Assicurarsi che ogni vena porta attraverso il fegato sia immagine. Creare un foglio di calcolo con le colonne seguenti:Numero animale/campione, Numero di immagine, numero di vene del portale e numero di dotti biliari. Identificare e registrare il numero di vene portale per immagine per ogni immagine.
Quindi, identificare i dotti biliari brevettati in ogni immagine, dalla presenza di conlangiociti che circondano un lume definibile. Queste strutture dovrebbero essere distinte e separate dal mesenchima da altre cellule positive alla citocheratina ad ampio spettro. Una sfida principale di questa tecnica consiste nell'identificare i dotti biliari brevettati.
Determinare cos'è un condotto brevettato richiede un'analisi della forma del condotto e delle cellule che circondano il lume. Contare ogni condotto biliare brevettato e posizionarlo nella stessa colonna del numero di immagine e ripetere per ogni immagine della vena del portale. Infine, calcola la somma di tutte le vene portale e di tutti i dotti biliari nel campione di fegato e calcola il rapporto bile condotto/vena portale per il campione di fegato.

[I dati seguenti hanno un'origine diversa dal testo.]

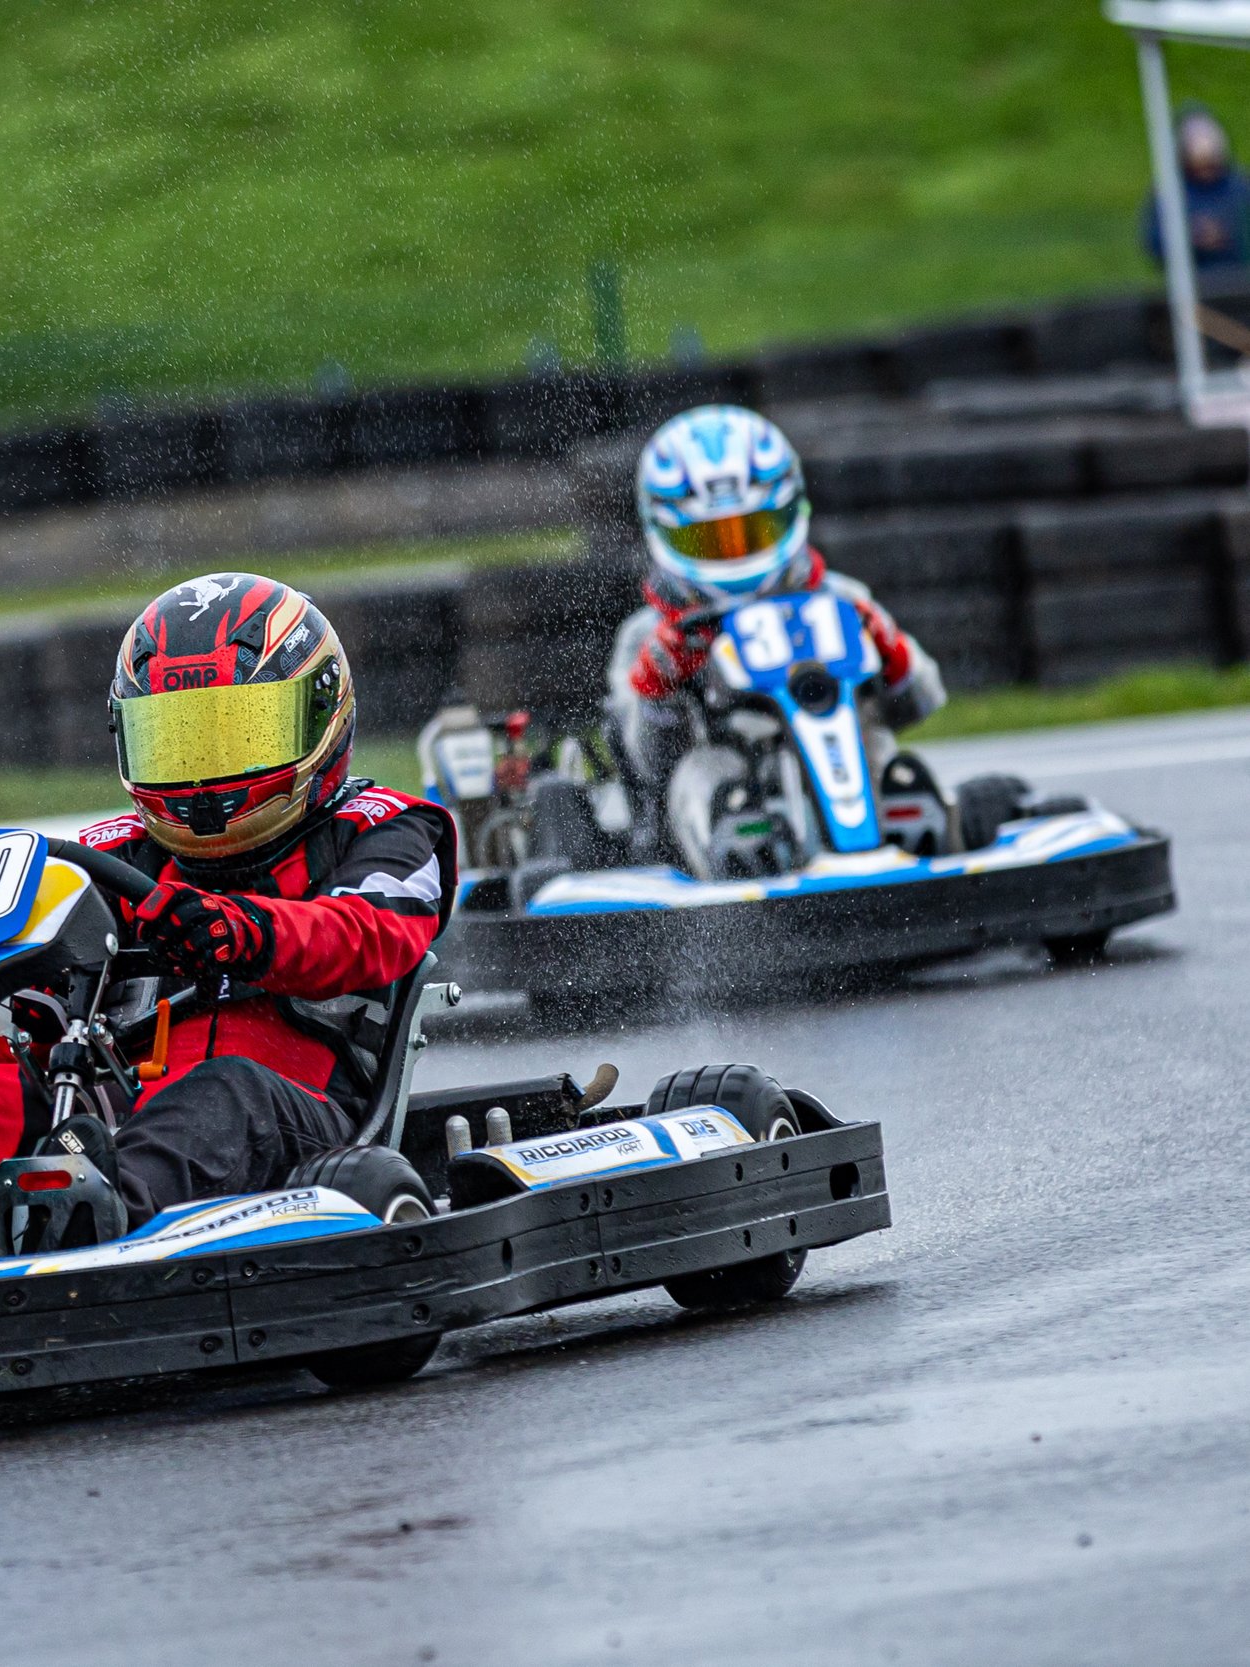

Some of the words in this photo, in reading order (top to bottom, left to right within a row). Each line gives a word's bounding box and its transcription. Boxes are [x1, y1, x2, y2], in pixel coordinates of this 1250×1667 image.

[734, 593, 847, 671] 31
[163, 668, 218, 691] OMP
[342, 801, 386, 818] OMP
[678, 1119, 720, 1138] DRS
[60, 1132, 82, 1153] OMP
[518, 1127, 637, 1164] RICCIARDO
[616, 1139, 645, 1156] KART
[271, 1200, 319, 1217] KART

I fegati del topo P30 sono stati sesati e co-macchiati per CK8 e CK19 insieme al marcatore vascolare, alfa-SMA, per determinare il rapporto BD-PV. Quando tutte le vene portale in ogni lobo epatico sono state immagini, le vene portale sono state definite come vasi macchiati alfa-SMA che hanno una colorazione adiacente della citocheratina ad ampio spettro. Le strutture di macchie alfa-SMA senza citocheratina ad ampio spettro erano vene centrali che sono state escluse dall'analisi.
I condotti dei brevetti hanno un lume chiaramente definibile che è circondato da cholangioctyes positive alla citocheratina ad ampio spettro e di solito sono separati da condotti o colinogiociti vicini dal mesenchima. Le cellule citocheratina-positive ad ampio spettro che non hanno un lume definibile, non vengono conteggiate per il numero totale di dotti biliari. La sezione epatica di un animale di tipo selvatico mostra una vena portale associata a un condotto completamente brevettato insieme a diverse cellule non incorporate.
La sezione epatica rappresentativa di un animale eterozigote JAG1 non mostra che non siano presenti dotti biliari brevettati intorno alle tre vene del portale. Tutte le cellule citocheratine-positive ad ampio spettro qui non sono incorporate e quindi non devono essere conteggiate. L'analisi del rapporto BD/PV per tre animali eterozigoti jag1 mostra come i due genotipi possano essere facilmente distinti in base al numero di dutti biliari.
È importante valutare tutte le navi portale per i dotti biliari. È particolarmente importante per determinare la densità del condotto biliare se c'è variabilità fenotipico nel fegato. Questa tecnica è stata utilizzata per identificare un soppressore genetico del fenotipo biliare in un modello di topo di Helgason.
Pertanto, può essere utile per valutare le modalità di trattamento dei modelli animali di malattia biliare.